Strona:PL Na drogach duszy.djvu/108

Z Wikiźródeł, wolnej biblioteki
Ta strona została uwierzytelniona.

I ustawicznie przez całą jego twórczość powtarza się potężne wspomnienie naszych kościołów wiejskich i nabożeństw wieczornych.
We »Wigiliach« pokusiłem się o odtworzenie w słowie tych najwznioślejszych i najpiękniejszych nastrojów w muzyce Szopena:
»Zmrok wieczorny w kościele wiejskim. Cisza oczekiwania czai się na sklepieniach i ścianach, cisza w parnem upojeniu kadzideł, cisza w głuchym, jakoby podziemnym odgłosie organów...
I jakby odległe drganie powietrza rośnie coś i płynie przez kościół; wznosi się, jakby ciche westchnienie; pręży się jak tygrys, przysadzony do skoku; a naraz pęka cisza, ryknęły organy, a z żelaznych objęć ciszy i czekania wyrywa się pieśń straszna, potężna, pieśń co mury rozpiera i groby rozsadza, pieśń bólu i dnia sądnego...«
Lecz najpotężniejszym staje się tam, gdzie już śmierć roztacza nad nim swe upiorne skrzydła.

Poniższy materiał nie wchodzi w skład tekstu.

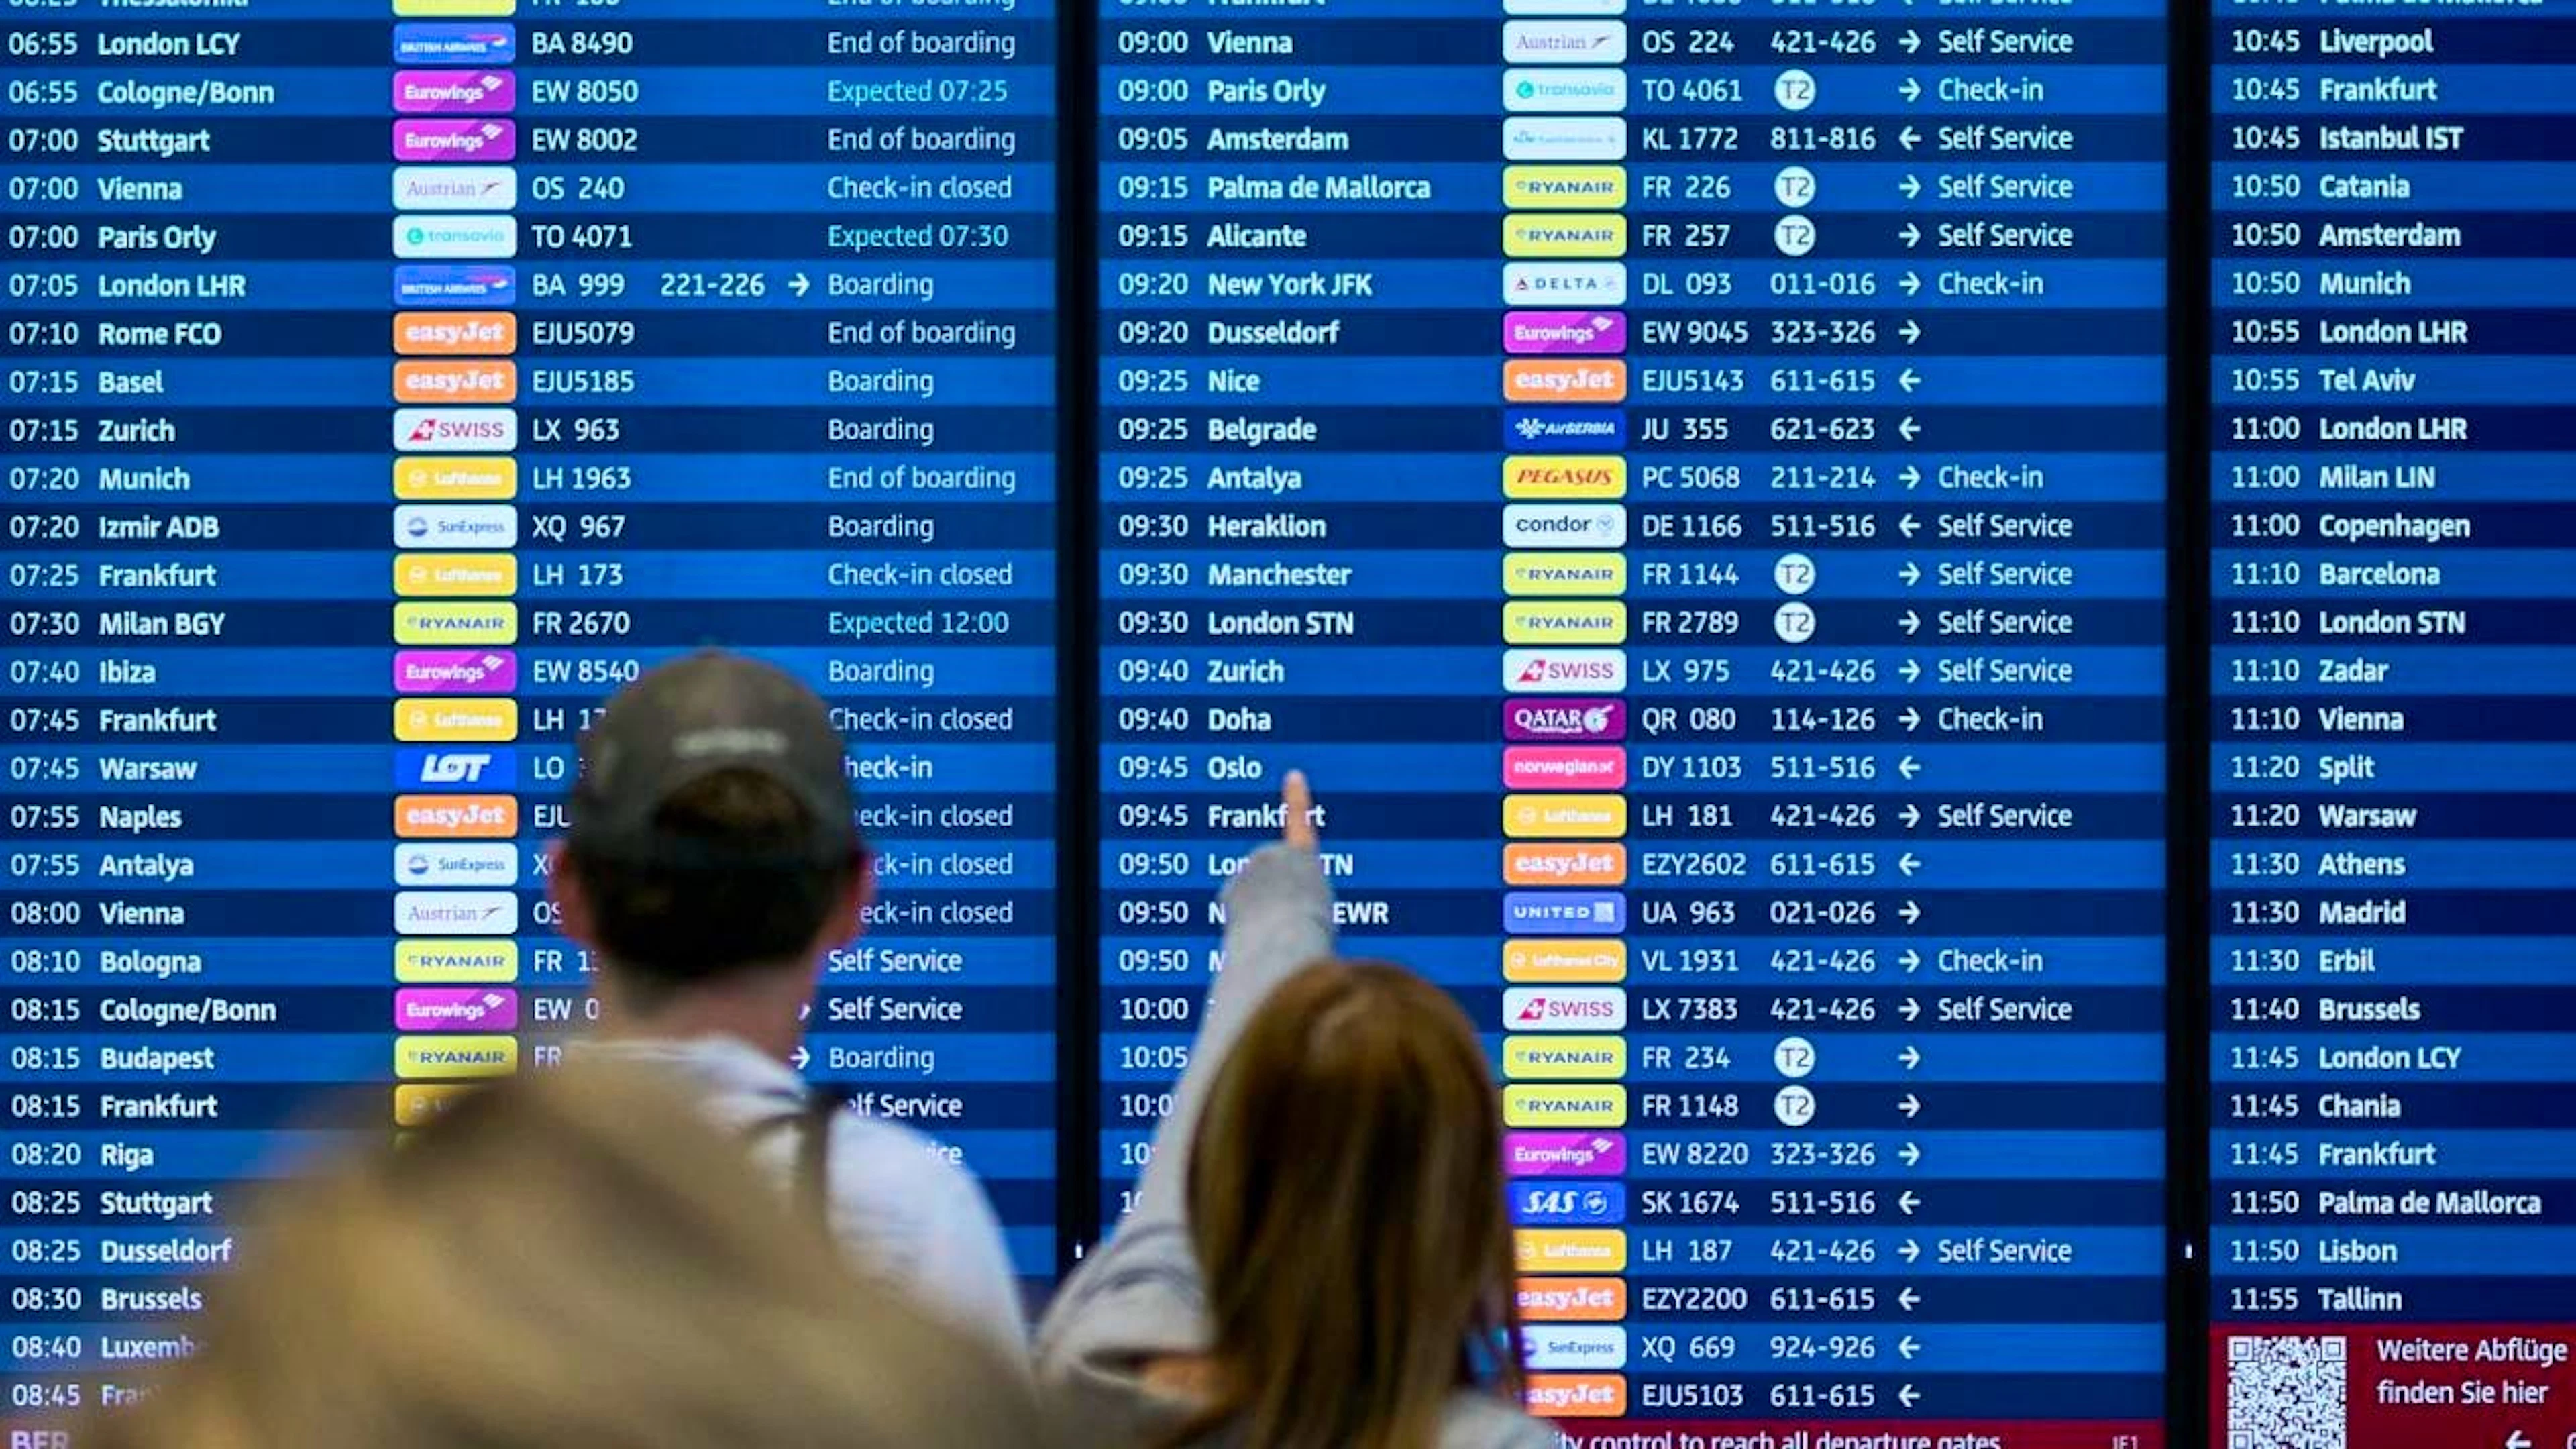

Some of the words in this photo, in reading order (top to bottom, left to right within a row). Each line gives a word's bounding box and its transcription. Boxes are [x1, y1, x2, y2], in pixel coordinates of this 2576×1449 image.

[9, 31, 78, 56] 06:55
[98, 31, 190, 56] London
[196, 32, 241, 56] LCY
[532, 32, 566, 54] BA
[571, 31, 633, 55] 8490
[828, 30, 873, 54] End
[879, 29, 905, 54] of
[912, 30, 1016, 60] boarding
[1118, 79, 1189, 102] 09:00
[1208, 78, 1268, 103] Paris
[1273, 78, 1326, 108] Orly
[1642, 78, 1675, 102] TO
[1682, 79, 1742, 102] 4061
[1781, 79, 1809, 101] T2
[1939, 77, 2043, 102] Check-in
[2233, 77, 2300, 101] 10:45
[2320, 76, 2438, 101] Frankfurt
[9, 176, 79, 200] 07:00
[97, 176, 182, 201] Vienna
[406, 178, 476, 197] Austrian
[532, 176, 565, 200] OS
[578, 176, 625, 199] 240
[828, 175, 932, 199] Check-in
[939, 175, 1012, 199] closed
[2233, 174, 2300, 197] 10:50
[2320, 174, 2410, 199] Catania
[1118, 224, 1188, 247] 09:15
[1206, 223, 1307, 248] Alicante
[1529, 228, 1613, 242] RYANAIR
[1643, 224, 1672, 246] FR
[1685, 223, 1730, 247] 257
[1780, 225, 1809, 246] T2
[1939, 221, 1985, 247] Self
[1990, 222, 2073, 247] Service
[1534, 277, 1597, 290] DELTA
[2233, 271, 2300, 294] 10:50
[2320, 270, 2411, 295] Munich
[9, 321, 79, 345] 07:10
[99, 323, 168, 345] Rome
[174, 322, 222, 345] FCO
[533, 321, 635, 345] EJU5079
[828, 321, 873, 344] End
[880, 319, 905, 343] of
[912, 321, 1016, 350] boarding
[1118, 369, 1188, 392] 09:25
[1208, 368, 1260, 392] Nice
[1643, 369, 1744, 392] EJU5143
[1771, 369, 1875, 392] 611-615
[2233, 368, 2300, 391] 10:55
[2318, 367, 2357, 392] Tel
[2361, 367, 2416, 392] Aviv
[10, 467, 80, 490] 07:20
[99, 466, 191, 490] Munich
[533, 467, 563, 490] LH
[573, 466, 631, 490] 1963
[829, 466, 873, 488] End
[880, 464, 905, 488] of
[912, 466, 1016, 494] boarding
[1517, 469, 1611, 486] PEGASUS
[2233, 465, 2300, 488] 11:00
[2320, 464, 2388, 488] Milan
[2396, 466, 2435, 488] LIN
[1119, 514, 1189, 537] 09:30
[1208, 513, 1326, 537] Heraklion
[1515, 515, 1592, 532] condor
[1643, 514, 1674, 537] DE
[1682, 514, 1742, 537] 1166
[1772, 514, 1876, 537] 511-516
[1939, 512, 1984, 537] Self
[1990, 513, 2072, 537] Service
[2232, 561, 2300, 585] 11:10
[2320, 561, 2440, 585] Barcelona
[11, 611, 80, 635] 07:30
[99, 610, 168, 635] Milan
[175, 612, 225, 635] BGY
[419, 616, 506, 631] RYANAIR
[533, 611, 562, 634] FR
[569, 610, 631, 635] 2670
[829, 610, 933, 639] Expected
[942, 611, 1010, 633] 12:00
[1119, 659, 1189, 682] 09:40
[1208, 659, 1284, 683] Zurich
[1548, 662, 1614, 679] SWISS
[1643, 659, 1671, 682] LX
[1684, 659, 1730, 682] 975
[1771, 659, 1875, 682] 421-426
[1939, 657, 1984, 682] Self
[1990, 658, 2072, 682] Service
[2233, 659, 2300, 682] 11:10
[2319, 657, 2390, 682] Zadar
[11, 756, 80, 780] 07:45
[99, 757, 197, 780] Warsaw
[420, 753, 492, 783] LOT
[2232, 755, 2300, 778] 11:20
[2319, 754, 2375, 785] Split
[1119, 804, 1188, 827] 09:45
[1208, 803, 1326, 829] Frankfrt
[1643, 804, 1672, 826] LH
[1688, 804, 1733, 826] 181
[1770, 804, 1875, 827] 421-426
[1939, 802, 1984, 828] Self
[1990, 802, 2072, 828] Service
[2232, 852, 2300, 875] 11:30
[2318, 852, 2406, 875] Athens
[11, 901, 80, 924] 08:00
[99, 900, 184, 925] Vienna
[407, 906, 478, 922] Austrian
[1333, 900, 1389, 925] EWR
[1514, 906, 1593, 920] UNITED
[1120, 949, 1189, 971] 09:50
[1641, 950, 1672, 971] VL
[1680, 949, 1739, 972] 1931
[1770, 949, 1875, 973] 421-426
[1939, 948, 2043, 973] Check-in
[2231, 949, 2300, 971] 11:30
[2319, 948, 2375, 972] Erbil
[11, 1046, 80, 1069] 08:15
[101, 1046, 215, 1075] Budapest
[830, 1045, 934, 1075] Boarding
[2232, 1046, 2299, 1069] 11:45
[2319, 1045, 2410, 1069] London
[2418, 1046, 2461, 1069] LCY
[1529, 1099, 1613, 1112] RYANAIR
[1643, 1094, 1671, 1116] FR
[1679, 1093, 1739, 1117] 1148
[2231, 1142, 2298, 1165] 11:45
[2319, 1140, 2436, 1166] Frankfurt
[12, 1190, 80, 1214] 08:25
[101, 1191, 213, 1220] Stuttgart
[1522, 1189, 1579, 1214] SAS
[2231, 1239, 2300, 1262] 11:50
[2319, 1238, 2398, 1263] Lisbon
[13, 1336, 82, 1358] 08:40
[2377, 1338, 2469, 1362] Weitere
[2474, 1336, 2568, 1368] Abflüge
[1643, 1383, 1743, 1407] EJU5103
[1770, 1383, 1875, 1407] 611-615
[2376, 1379, 2455, 1404] finden
[2461, 1379, 2496, 1404] Sie
[2502, 1379, 2549, 1404] hier
[1590, 1430, 1672, 1449] control
[1680, 1433, 1705, 1449] to
[1711, 1430, 1774, 1449] reach
[1782, 1430, 1809, 1449] all

Może czuł już wtedy, jak bezcielesne i bezistotne widmo — przeczucie śmierci, — spływa wzdłuż jego nerwów, rzuca cienie na jego świadomość, rozpościera w duszy czarne kiry, aż noc zapada: świecą gwiazdy maleńkie matowym połyskiem, a świat wokół staje się strasznie ciasny, oddech zaparty, bo olbrzymi ciężar powietrza stłacza piersi.

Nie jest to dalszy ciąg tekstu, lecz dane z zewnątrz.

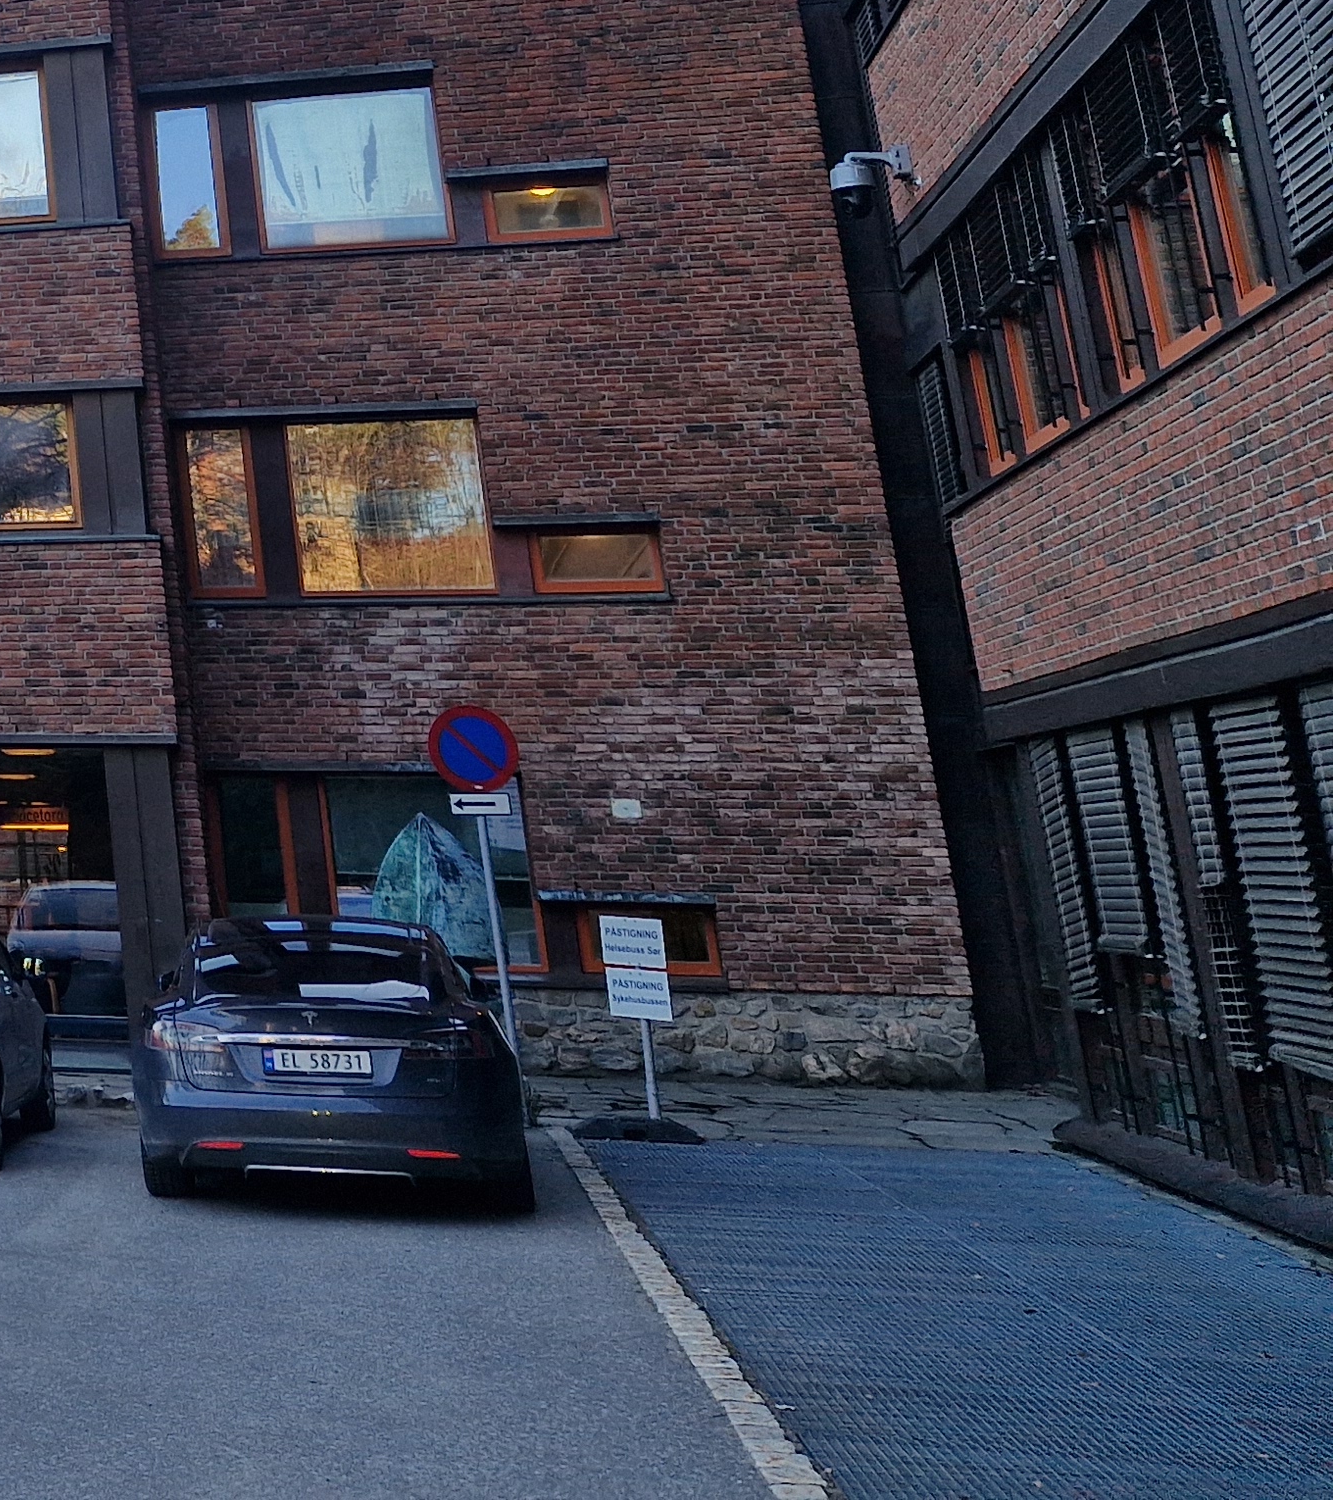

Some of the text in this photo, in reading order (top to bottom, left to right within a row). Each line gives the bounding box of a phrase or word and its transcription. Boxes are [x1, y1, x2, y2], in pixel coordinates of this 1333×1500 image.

[604, 926, 659, 940] PÅSTIGNING
[611, 977, 665, 992] PÅSTIGNING
[281, 1053, 300, 1069] EL
[310, 1053, 363, 1071] 58731

I naraz wyrywa się straszny krzyk rozpaczy i przestrachu.
Pomnicie koniec Sostenuto — części w H-mol Scherzo?
Z nieskończenie bolesnej monotonii zadumy, żalu, modlitwy, rwie się naraz gwałtowny, dziki akord.
Ten nagły ryk oszczepem ugodzonego zwierza wśród głuchego, wpół sennego kołysania się stepu — ten brutalny krzyk w dogorywającej agonii bólu — ten dziki obłąkany akord śmiechu wśród żałobnej powagi jesiennych nocy: — to już nie muzyka, to nagi, bezpośredni wykrzyk duszy, wijącej się w eretyzmach strachu — to więcej od muzyki: coś co ponad muzyką stoi.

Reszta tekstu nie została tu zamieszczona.